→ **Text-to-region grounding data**
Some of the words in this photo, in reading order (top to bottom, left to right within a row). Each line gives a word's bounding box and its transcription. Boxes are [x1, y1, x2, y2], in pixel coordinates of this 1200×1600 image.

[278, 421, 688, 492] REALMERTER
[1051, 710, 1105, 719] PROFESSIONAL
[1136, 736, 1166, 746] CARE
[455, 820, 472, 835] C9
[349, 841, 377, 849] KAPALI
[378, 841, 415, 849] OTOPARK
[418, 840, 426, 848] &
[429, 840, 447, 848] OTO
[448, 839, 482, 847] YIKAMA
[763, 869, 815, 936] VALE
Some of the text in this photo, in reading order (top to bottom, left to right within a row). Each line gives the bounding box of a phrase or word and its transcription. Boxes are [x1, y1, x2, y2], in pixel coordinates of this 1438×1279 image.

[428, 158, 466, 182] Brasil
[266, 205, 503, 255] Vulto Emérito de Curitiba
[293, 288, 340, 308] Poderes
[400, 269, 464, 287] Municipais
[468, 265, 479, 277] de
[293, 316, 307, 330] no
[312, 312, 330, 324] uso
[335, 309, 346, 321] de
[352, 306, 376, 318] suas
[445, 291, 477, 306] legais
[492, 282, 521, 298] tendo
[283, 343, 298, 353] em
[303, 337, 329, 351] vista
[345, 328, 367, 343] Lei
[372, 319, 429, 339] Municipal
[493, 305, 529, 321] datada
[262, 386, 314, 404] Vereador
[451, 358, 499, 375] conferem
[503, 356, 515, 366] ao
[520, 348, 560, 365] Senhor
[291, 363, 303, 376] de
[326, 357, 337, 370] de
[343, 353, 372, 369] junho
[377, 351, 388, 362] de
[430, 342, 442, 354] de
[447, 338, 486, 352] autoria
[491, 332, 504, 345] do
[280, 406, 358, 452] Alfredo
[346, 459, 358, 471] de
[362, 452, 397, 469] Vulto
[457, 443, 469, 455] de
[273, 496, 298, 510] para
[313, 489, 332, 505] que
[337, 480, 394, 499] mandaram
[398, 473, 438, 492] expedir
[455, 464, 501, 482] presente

→ **Problem requirements**
Nothing in the data above may be skipped; repeat it all exactly.

→ **Your solution**
Some of the words in this photo, in reading order (top to bottom, left to right within a row). Each line gives a word's bounding box and its transcription. Boxes are [x1, y1, x2, y2], in pixel coordinates of this 1200×1600 image.

[278, 421, 688, 492] REALMERTER
[1051, 710, 1105, 719] PROFESSIONAL
[1136, 736, 1166, 746] CARE
[455, 820, 472, 835] C9
[349, 841, 377, 849] KAPALI
[378, 841, 415, 849] OTOPARK
[418, 840, 426, 848] &
[429, 840, 447, 848] OTO
[448, 839, 482, 847] YIKAMA
[763, 869, 815, 936] VALE
Some of the text in this photo, in reading order (top to bottom, left to right within a row). Each line gives the bounding box of a phrase or word and its transcription. Boxes are [x1, y1, x2, y2], in pixel coordinates of this 1438×1279 image.

[428, 158, 466, 182] Brasil
[266, 205, 503, 255] Vulto Emérito de Curitiba
[293, 288, 340, 308] Poderes
[400, 269, 464, 287] Municipais
[468, 265, 479, 277] de
[293, 316, 307, 330] no
[312, 312, 330, 324] uso
[335, 309, 346, 321] de
[352, 306, 376, 318] suas
[445, 291, 477, 306] legais
[492, 282, 521, 298] tendo
[283, 343, 298, 353] em
[303, 337, 329, 351] vista
[345, 328, 367, 343] Lei
[372, 319, 429, 339] Municipal
[493, 305, 529, 321] datada
[262, 386, 314, 404] Vereador
[451, 358, 499, 375] conferem
[503, 356, 515, 366] ao
[520, 348, 560, 365] Senhor
[291, 363, 303, 376] de
[326, 357, 337, 370] de
[343, 353, 372, 369] junho
[377, 351, 388, 362] de
[430, 342, 442, 354] de
[447, 338, 486, 352] autoria
[491, 332, 504, 345] do
[280, 406, 358, 452] Alfredo
[346, 459, 358, 471] de
[362, 452, 397, 469] Vulto
[457, 443, 469, 455] de
[273, 496, 298, 510] para
[313, 489, 332, 505] que
[337, 480, 394, 499] mandaram
[398, 473, 438, 492] expedir
[455, 464, 501, 482] presente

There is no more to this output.